Befeuert hatte die Debatte der ukrainische Präsident Wolodymyr Selenskyj Anfang August mit einer Forderung nach einem Einreiseverbot für Russen. Innerhalb der EU machen Länder wie Estland, Lettland und Finnland Druck.

Sippenhaft für Staatsbürger?

„Ich finde es nicht richtig, dass russische Bürger als Touristen in die EU, den Schengen-Raum einreisen und Sightseeing machen können, während Russland Menschen in der Ukraine tötet“, sagte die finnische Ministerpräsidentin Sanna Marin Anfang der Woche. Ihre estnische Kollegin Kaja Kallas schrieb auf Twitter: „Europa zu besuchen ist ein Privileg, kein Menschenrecht.“ Beide argumentieren auch aus eigener Betroffenheit. Denn da der Flugverkehr zwischen Russland und der EU infolge des Kriegs eingestellt worden ist, sind die an Russland grenzenden Länder Estland, Lettland und Finnland für reisende Russen derzeit so etwas wie das Tor zur EU.
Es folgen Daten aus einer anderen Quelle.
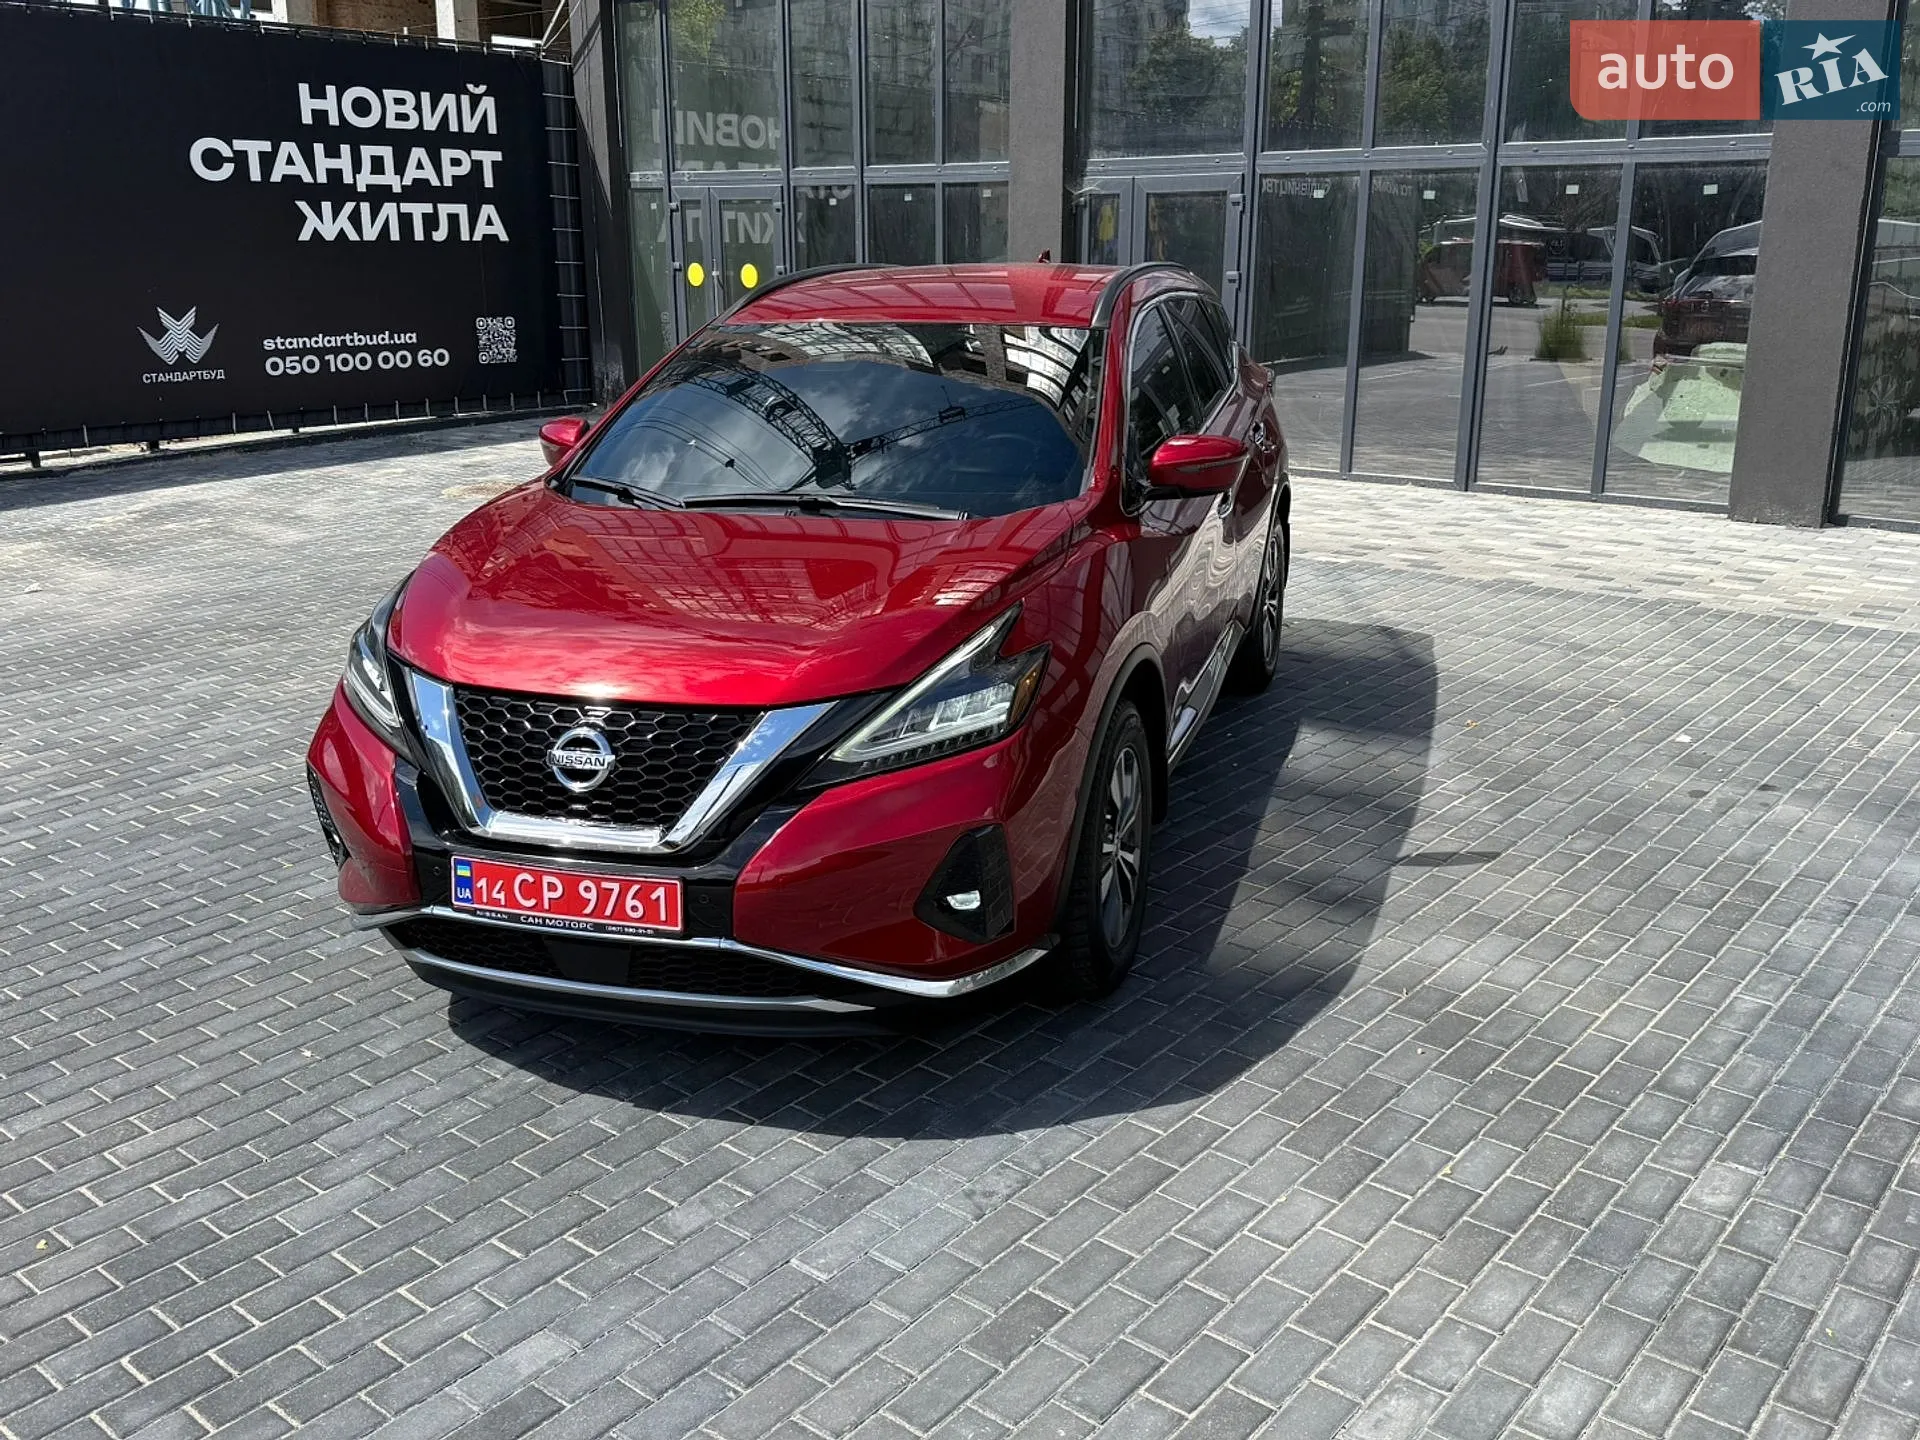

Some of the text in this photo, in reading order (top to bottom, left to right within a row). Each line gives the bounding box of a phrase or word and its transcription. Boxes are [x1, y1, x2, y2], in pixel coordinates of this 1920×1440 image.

[298, 83, 497, 134] НОВИЙ
[189, 137, 502, 193] СТАНДАРТ
[295, 200, 509, 242] ЖИТЛА
[262, 331, 417, 350] standartbud.ua
[265, 348, 450, 376] 050 100 00 60
[142, 369, 225, 383] СТАНДАРТБУД
[551, 754, 606, 768] NISSAN
[457, 887, 471, 900] UA
[578, 879, 668, 922] 9761
[520, 915, 543, 925] САН
[545, 918, 594, 931] МОТОРС
Immer mehr Länder setzen deren Reisefreiheit nun jedoch Grenzen und schränken die Vergabe von Schengen-Visa an Russen im Alleingang ein. Dazu gehören Estland, Lettland, Litauen und Tschechien. Finnland will ab September folgen, Polen erwägt eine ähnliche Regelung. Dänemark dringt auf eine EU-Lösung und will sonst ebenfalls selbst handeln.
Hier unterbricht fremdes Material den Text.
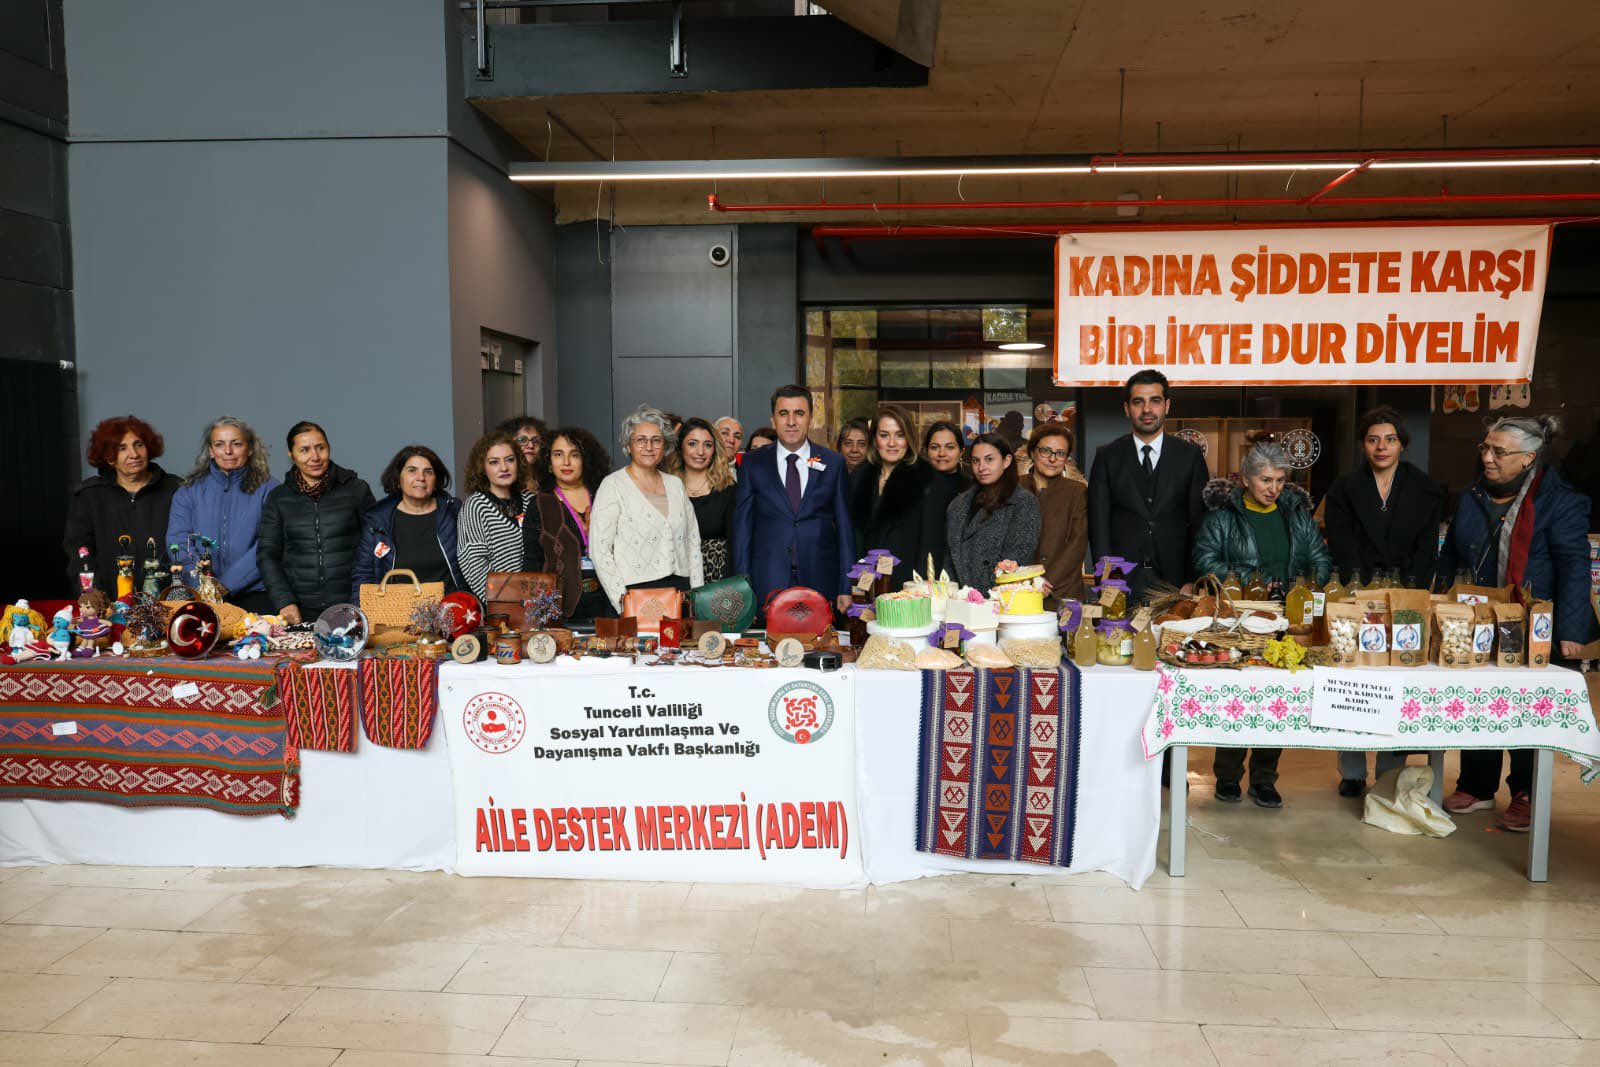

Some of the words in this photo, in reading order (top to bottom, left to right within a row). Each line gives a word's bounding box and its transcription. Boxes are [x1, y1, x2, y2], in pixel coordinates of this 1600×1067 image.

[1069, 254, 1222, 297] KADINA
[1230, 245, 1402, 302] ŞİDDETE
[1410, 250, 1536, 300] KARŞI
[1079, 316, 1252, 366] BİRLİKTE
[1261, 322, 1347, 365] DUR
[1355, 313, 1520, 364] DİYELİM
[583, 705, 642, 719] Tunceli
[645, 703, 703, 720] Valiliği
[550, 726, 604, 742] Sosyal
[609, 724, 714, 741] Yardımlaşma
[718, 722, 740, 735] Ve
[533, 745, 623, 761] Dayanışma
[627, 743, 670, 757] Vakfı
[674, 741, 760, 758] Başkanlığı
[475, 796, 530, 852] AİLE
[533, 807, 632, 851] DESTEK
[634, 792, 750, 850] MERKEZİ
[755, 801, 848, 860] (ADEM)
Keine Einreise trotz Visum

Estland geht seit diesem Donnerstag noch einen Schritt weiter: Das Land lässt selbst einen Großteil jener Russen nicht mehr ins Land, die bereits ein estnisches Visum haben. „Wo ein Wille ist, ist auch ein Weg“, schrieb der estnischen Außenminister Urmas Reinsalu auf Twitter. Eine Sprecherin der EU-Kommission betonte am Donnerstag dennoch, man sei mit den EU-Staaten im Gespräch, um ein koordiniertes Vorgehen sicherzustellen.

Alleingänge bringen im Schengenraum nicht viel. Das Visum eines Landes gilt für alle 26 europäischen Länder im Schengen-Raum.
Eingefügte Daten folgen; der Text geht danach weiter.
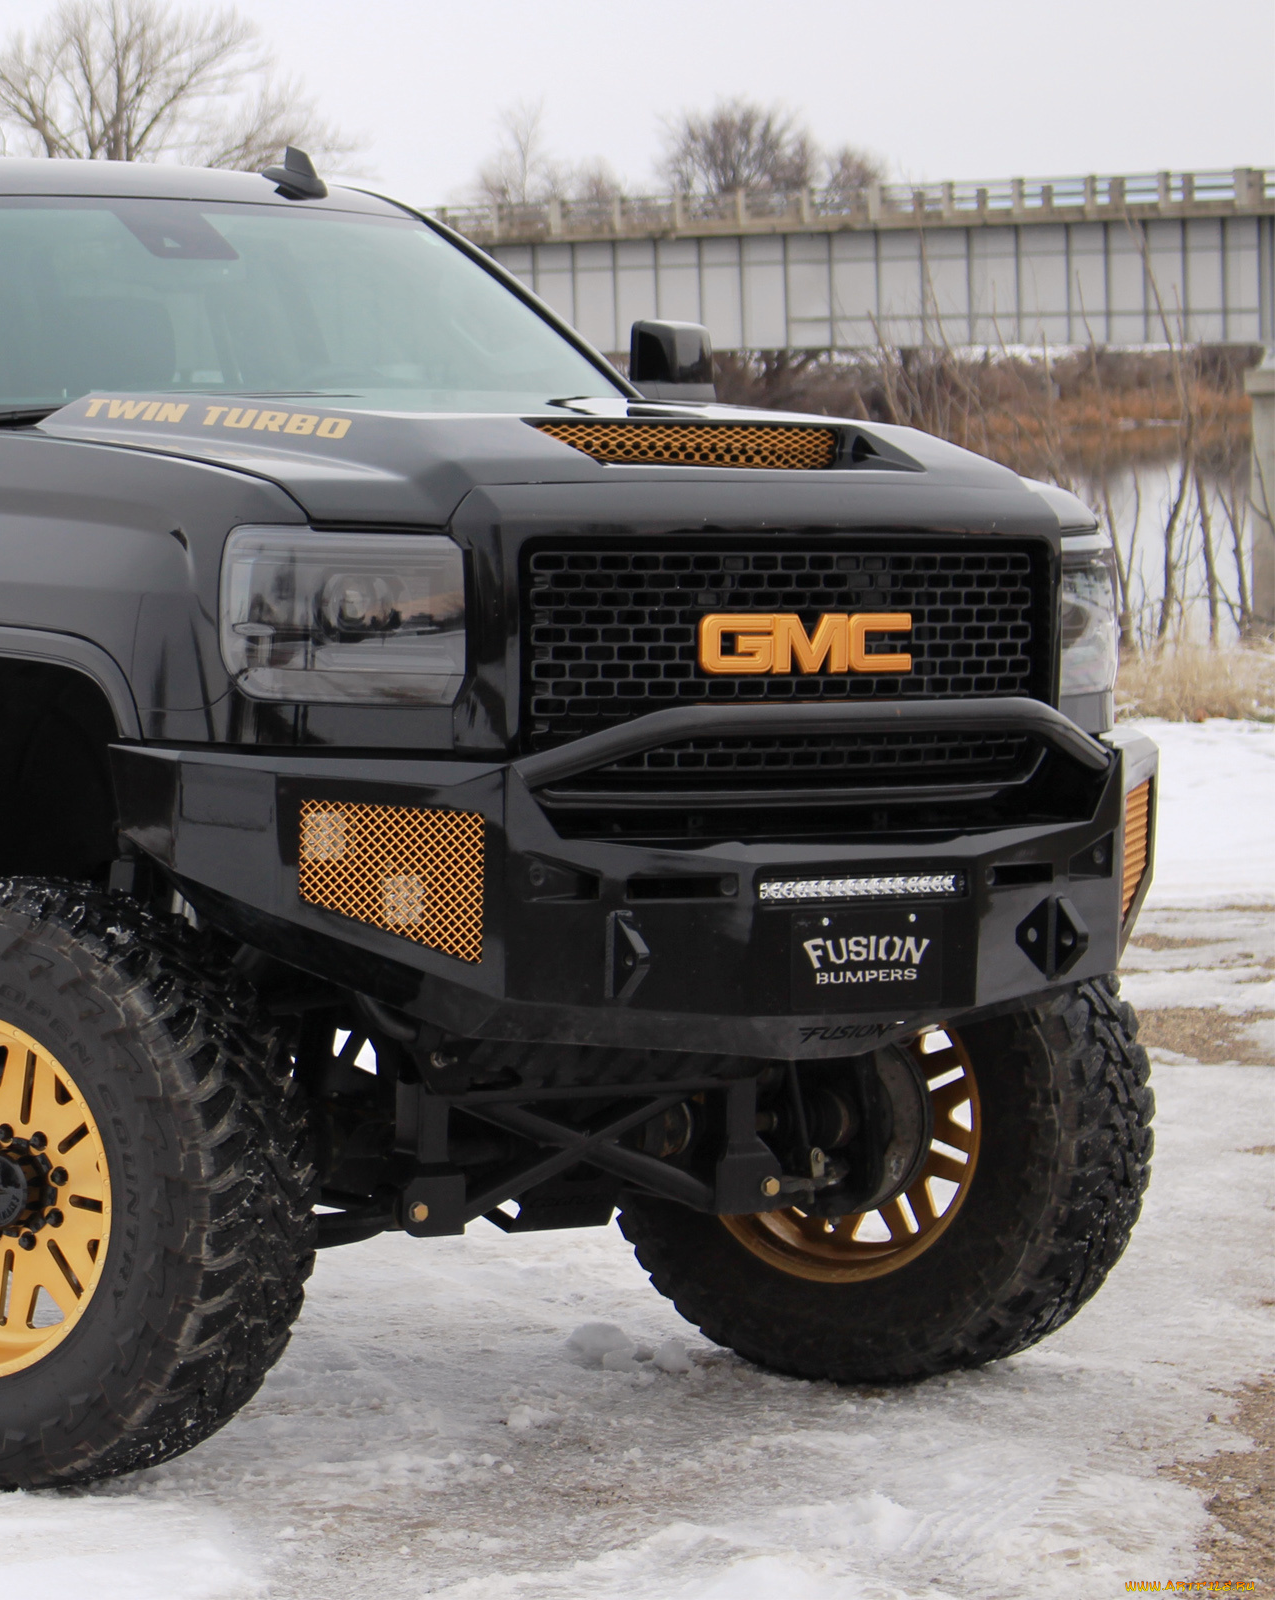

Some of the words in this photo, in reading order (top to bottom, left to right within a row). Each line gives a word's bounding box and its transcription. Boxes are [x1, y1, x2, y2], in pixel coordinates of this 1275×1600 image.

Bislang melden sich vor allem die Befürworter eines Einreiseverbots zu Wort. Kritische Stimmen aus den EU-Hauptstädten gibt es wenige – mit Ausnahme von Kanzler Scholz. „Es ist nicht der Krieg des russischen Volks, es ist Putins Krieg“, betont er. Zudem verweist er etwa auf russische Staatsbürger auf der Flucht. Ihnen dürfe man den Weg in die EU nicht erschweren. Unterstützung bekommt Scholz vom prominenten Kremlgegner Wladimir Milow, der vor einem „Visa-Krieg gegen Russen“ warnte.

Bürokratiemonster Einzelfallprüfungen

Ein grundsätzliches Verbot für alle russischen Bürger ist rechtlich ohnehin keine Option. Vielmehr müsse jeder Antrag einzeln geprüft werden, heißt es aus der EU-Kommission. Nach einer Einzelfallprüfung könnten Anträge dann abgelehnt werden – etwa, weil jemand eine Bedrohung für die öffentliche Ordnung oder die internationalen Beziehungen sei. Bestimmten Personen müsse immer ein Visum ausgestellt werden, etwa Journalisten oder Dissidenten.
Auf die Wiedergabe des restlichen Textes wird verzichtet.